Endothelial injury is the dominant influence on thrombus formation in the heart and the arterial circulation. There are many possible causes of endothelial injury, including changes in shear stress associated with hypertension or turbulent flow, hyperlipidemia, elevated blood glucose in diabetes mellitus, traumatic vascular injury, and some infections. (Recall that Mr. S developed coronary artery thrombosis, which was probably attributable to endothelial injury secondary to hypertension and cigarette smoking.)
Endothelial injury predisposes the vascular lumen to thrombus formation through three mechanisms. First, platelet activators, such as exposed subendothelial collagen, promote platelet adhesion to the injured site. Second, exposure of tissue factor on injured endothelium initiates the coagulation cascade. Third, natural antithrombotics, such as t-PA and PGI2, become depleted at the site of vascular injury because these mechanisms rely on the functioning of an intact endothelial cell layer.
Abnormal blood flow refers to a state of turbulence or stasis rather than laminar flow. Atherosclerotic plaques commonly predispose to turbulent blood flow in the vicinity of the plaque. Bifurcations of blood vessels can also create areas of turbulent flow. Turbulent blood flow causes endothelial injury, forms countercurrents, and creates local pockets of stasis. Local stasis can also result from formation of an aneurysm (a focal outpouching of a vessel or a cardiac chamber) and from myocardial infarction. In the latter condition, a region of noncontractile (infarcted) myocardium serves as a favored site for stasis. Cardiac arrhythmias, such as atrial fibrillation, can also generate areas of local stasis. Stasis is also the major cause for the formation of venous thrombi, which typically occur in the deep veins of the leg.
Disruption of normal blood flow by turbulence or stasis promotes thrombosis by three major mechanisms. First, the absence of laminar blood flow allows platelets to come into close proximity to the vessel wall.
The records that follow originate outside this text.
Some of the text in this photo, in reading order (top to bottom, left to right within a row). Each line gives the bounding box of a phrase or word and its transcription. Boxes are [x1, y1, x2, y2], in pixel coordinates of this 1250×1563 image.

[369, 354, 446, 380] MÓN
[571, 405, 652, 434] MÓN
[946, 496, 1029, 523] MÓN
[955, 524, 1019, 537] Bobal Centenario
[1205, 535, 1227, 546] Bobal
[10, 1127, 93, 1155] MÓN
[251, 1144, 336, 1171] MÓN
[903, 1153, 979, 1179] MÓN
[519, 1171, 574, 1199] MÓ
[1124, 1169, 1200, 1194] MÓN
Second, stasis inhibits the flow of fresh blood into the vascular bed, so that activated coagulation factors in the region are not removed or diluted. Third, abnormal blood flow promotes endothelial cell activation, which leads to a prothrombotic state.
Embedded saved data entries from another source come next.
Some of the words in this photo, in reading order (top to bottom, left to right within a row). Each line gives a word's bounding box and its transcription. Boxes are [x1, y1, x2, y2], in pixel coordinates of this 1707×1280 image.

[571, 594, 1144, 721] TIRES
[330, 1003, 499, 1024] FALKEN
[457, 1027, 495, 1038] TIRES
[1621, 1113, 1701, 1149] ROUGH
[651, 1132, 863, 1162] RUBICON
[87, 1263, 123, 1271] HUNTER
Hypercoagulability is generally less important than endothelial injury and abnormal blood flow in predisposing to thrombosis, but this condition can be an important factor in some patients. Hypercoagulability refers to an abnormally heightened coagulation response to vascular injury, resulting from either (1) primary (genetic) disorders or (2) secondary (acquired) disorders (see Table 23-1). (Hypocoagulable states, or hemorrhagic disorders, can also result from primary or secondary causes; see Box 23-1 for an example.)